She wasn’t sure she could get him there in his condition, but she knew she had to try. She booked an early-morning flight for the two of them. At one point, he dropped to the airport floor. “I can’t do it anymore,” he told her.

“You have to,” she told him.

She was relieved when they arrived at Menninger. The staff did genetic testing that revealed he could have an adverse reaction to the antidepressant his doctor had put him on. Learning that, she said, felt like the missing piece of a puzzle.

Sutton-Schulman got L settled in, met with his doctors and, for the first time in months, felt some hope.

Goldenberg approached his side job with caution.

When he’d started, a part of him feared he would be pressured to side with insurers regardless of the medical evidence. But that didn’t happen. He soon embraced the job as a way to hold everyone accountable because it wasn’t just insurance companies that tried to game the system.

“Doing these chart reviews has also opened my eyes to the way doctors and hospitals cheat the system, even Medicaid,” he said. “And I don’t like that either.”

Over the years, he said, he’s done hundreds of Medicaid reviews and about a dozen external reviews. He knows more than most that no one is immune to having a mental health episode.

“We all have vulnerabilities, and we all have genetic predispositions, sensitivities to certain kinds of stress,” he said. “Someone who’s been able to handle stuff all their life, if they have just too many things going on, it can push you past your breaking point.”

It’s a bit like how a healthy person can be diagnosed with cancer or get into a car accident. People pay for insurance, he said, so it’s not financially disastrous when that happens.

“I’m working within a system that I know is broken, but doing my best to change it from the inside,” he said.

A part of him wonders if Patch Adams would consider him a sellout for not living up to the radical ideologies of his youth. But his goals haven’t changed. They’re evident in the practice philosophy he spotlights at the top of his CV: “Increase quality of life for those suffering from mental illness in an atmosphere of respect, understanding, and collaboration.”

The spirit of his work, which earned him a humanism in medicine scholarship in medical school, is what prompted him to call Sutton-Schulman.

“I see how opaque the system can be,” Goldenberg said, “how frustrating it is when you feel like no one hears you.”

Sutton-Schulman with the records she kept from her husband’s case

On March 19, just a week after her husband was admitted to Menninger, Sutton-Schulman received the first denial from Highmark.

Highmark had sent her a letter in late February confirming pre-authorization for his treatment at Triangle Springs, where L was first treated after his initial suicide attempt. “This approval means that we confirm that the requested services or supplies are medically necessary and appropriate.”

And again a few days later, it sent her another: “We approved the request to extend an inpatient admission for the patient.”

But on that day in mid-March, Highmark showed a balance of $30,599.69.

The reason?

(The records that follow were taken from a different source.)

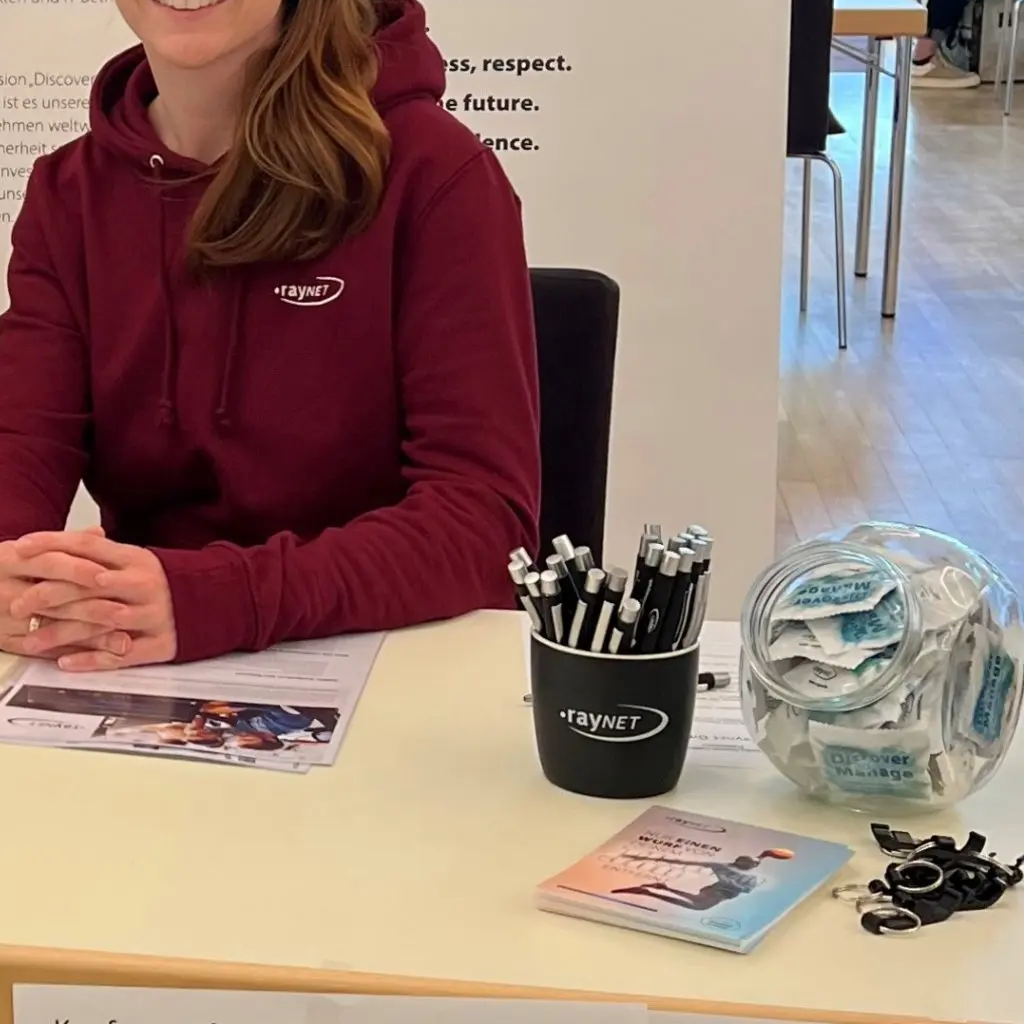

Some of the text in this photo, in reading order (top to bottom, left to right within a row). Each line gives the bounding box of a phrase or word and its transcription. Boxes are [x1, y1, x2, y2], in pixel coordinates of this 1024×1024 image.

[482, 55, 572, 76] respect.
[3, 95, 18, 109] ist
[22, 98, 38, 109] es
[463, 93, 540, 112] future.
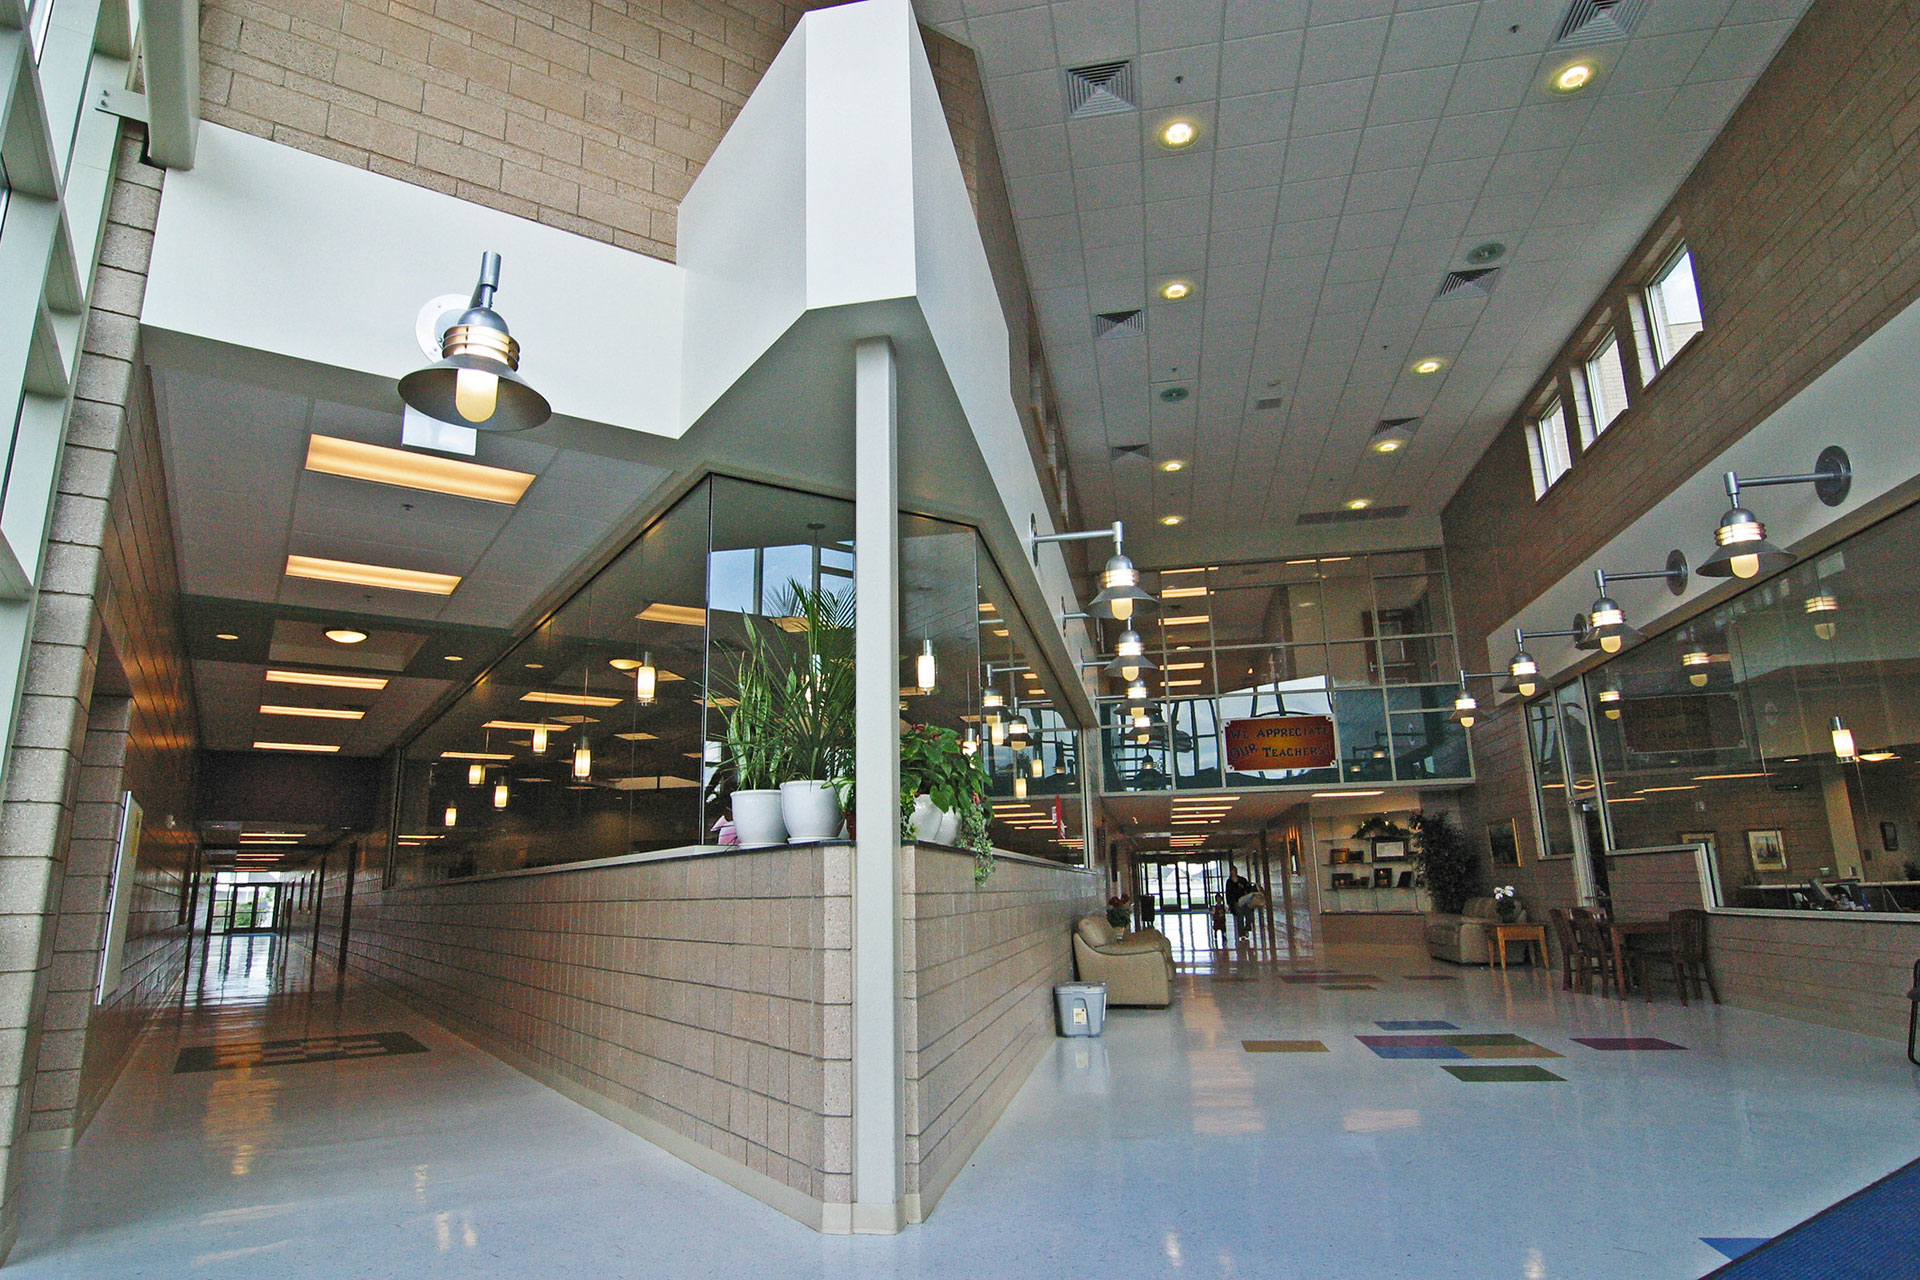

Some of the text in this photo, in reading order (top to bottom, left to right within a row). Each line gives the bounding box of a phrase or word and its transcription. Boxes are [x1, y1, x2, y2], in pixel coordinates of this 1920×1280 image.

[1230, 726, 1330, 739] WE APPRECIATE
[1230, 743, 1257, 759] OUR
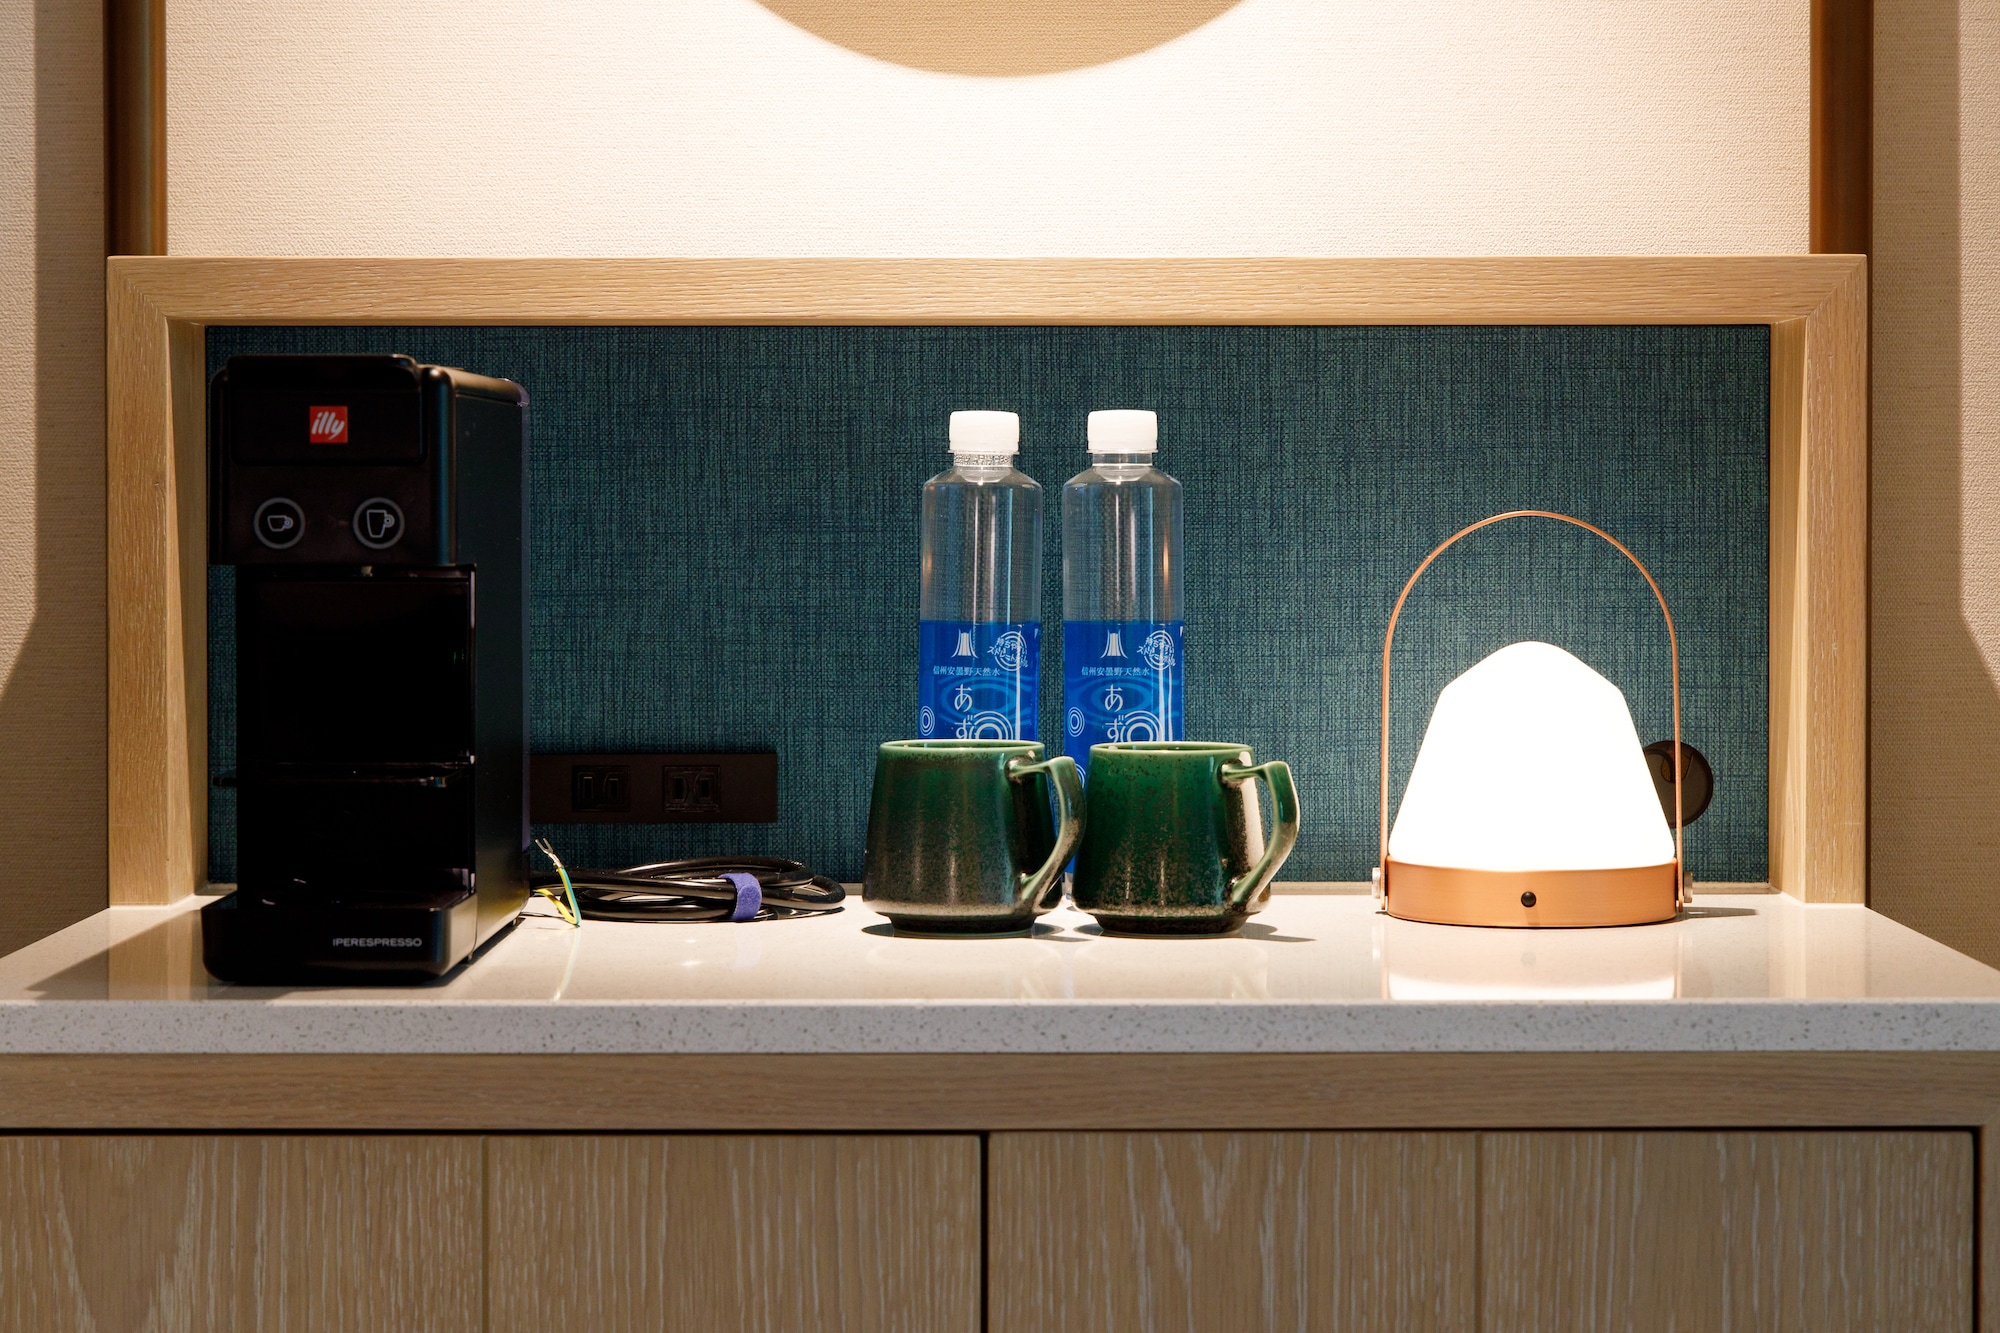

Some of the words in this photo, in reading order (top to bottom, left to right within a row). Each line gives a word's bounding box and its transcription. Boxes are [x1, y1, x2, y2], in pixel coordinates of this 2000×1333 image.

[311, 411, 345, 440] illy
[933, 665, 1001, 676] 信州安曇野天然水
[1081, 666, 1150, 676] 信州安曇野天然水
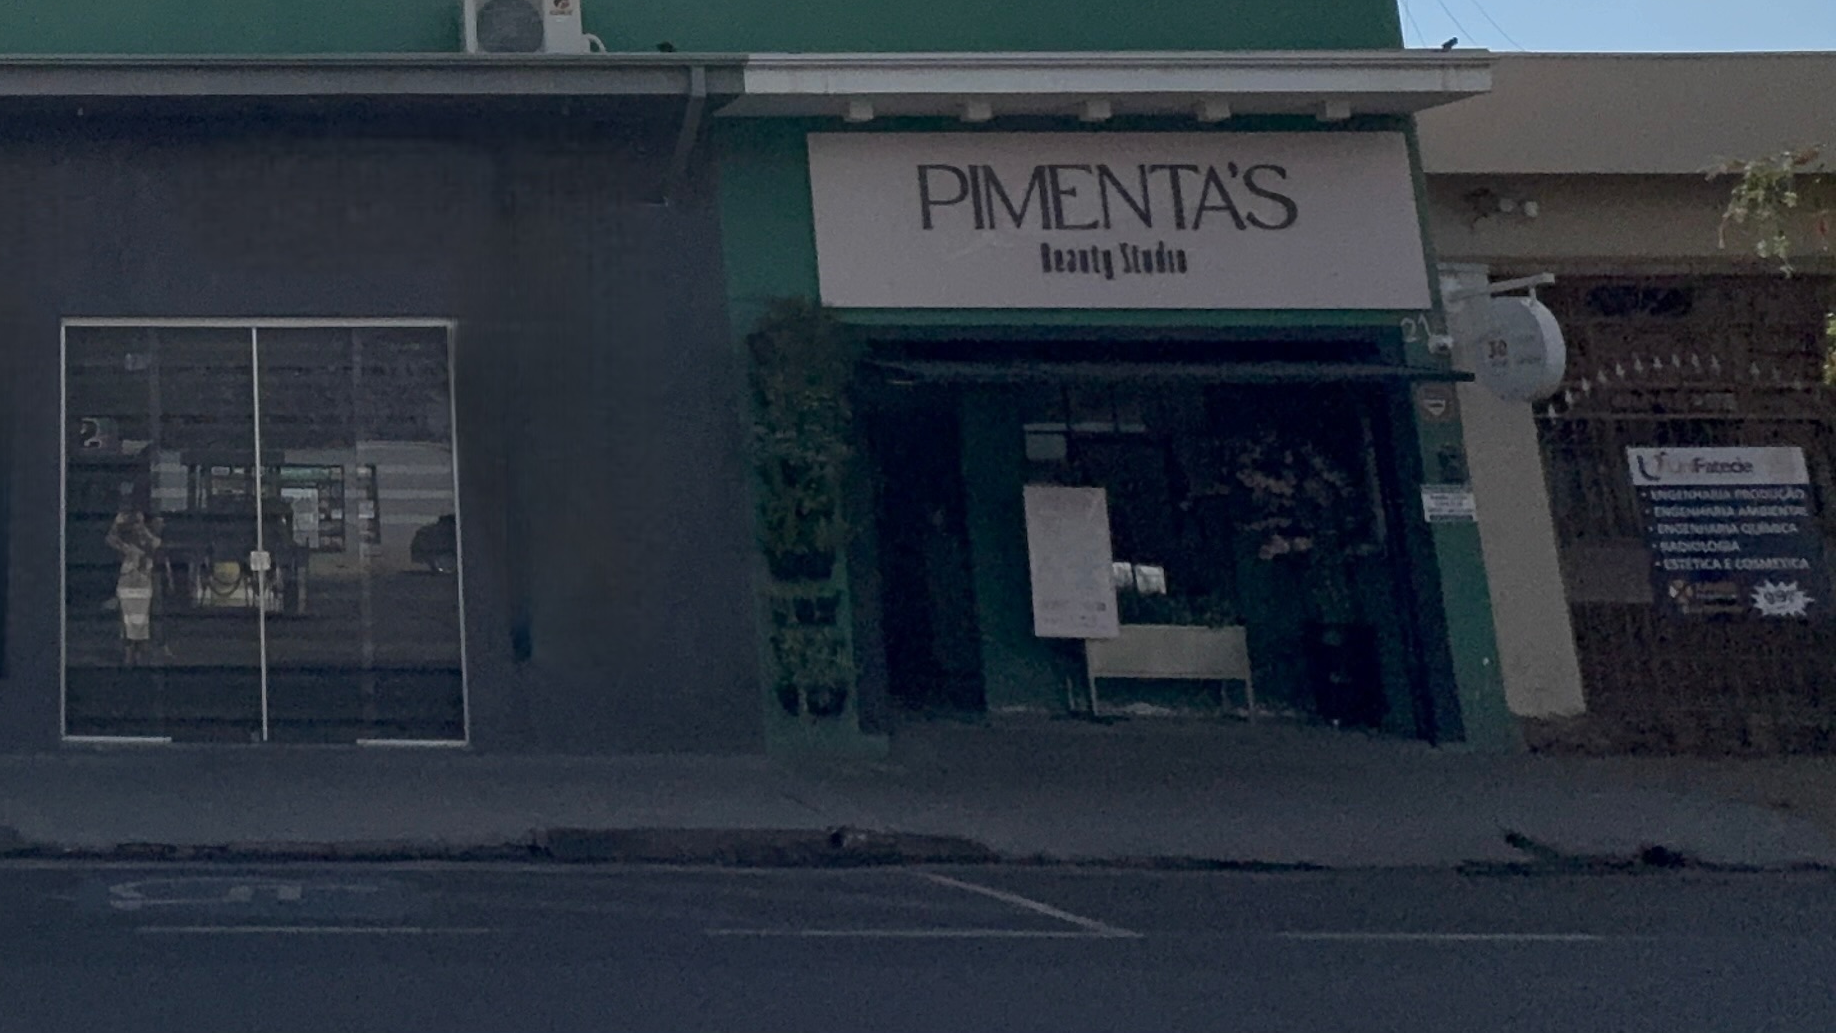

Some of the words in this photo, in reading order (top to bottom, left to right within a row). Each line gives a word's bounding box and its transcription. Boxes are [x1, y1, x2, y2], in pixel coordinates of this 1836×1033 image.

The Triangle Springs treatment was not being covered after all; it had been deemed not medically necessary.

The pre-authorization letters included a line saying payment was not guaranteed, but Sutton-Schulman didn’t think much of it. And with good reason. At the top of the letter, in bold, were the words: “We approved your inpatient admission request.” She felt like Highmark was reversing itself.

Sutton-Schulman watched as her husband — one of the smartest men she knew — continued to unravel. When a person is gravely ill, they’re often forced to fight two battles, one against their sickness and the other against the insurance company. As L focused on his health, Sutton-Schulman mobilized against Highmark.

Find Out Why Your Health Insurer Denied Your Claim

She was no stranger to taking on powerful companies. She was part of the army of women who took on the pharmaceutical giant Bayer after they blamed the company’s permanently implanted birth control device for serious health complications. They filed reports with the Food and Drug Administration over adverse reactions, they organized protests, and many of them sued Bayer, though Sutton-Schulman did not.

At the end of 2018, Bayer stopped selling the device, despite insisting it was safe.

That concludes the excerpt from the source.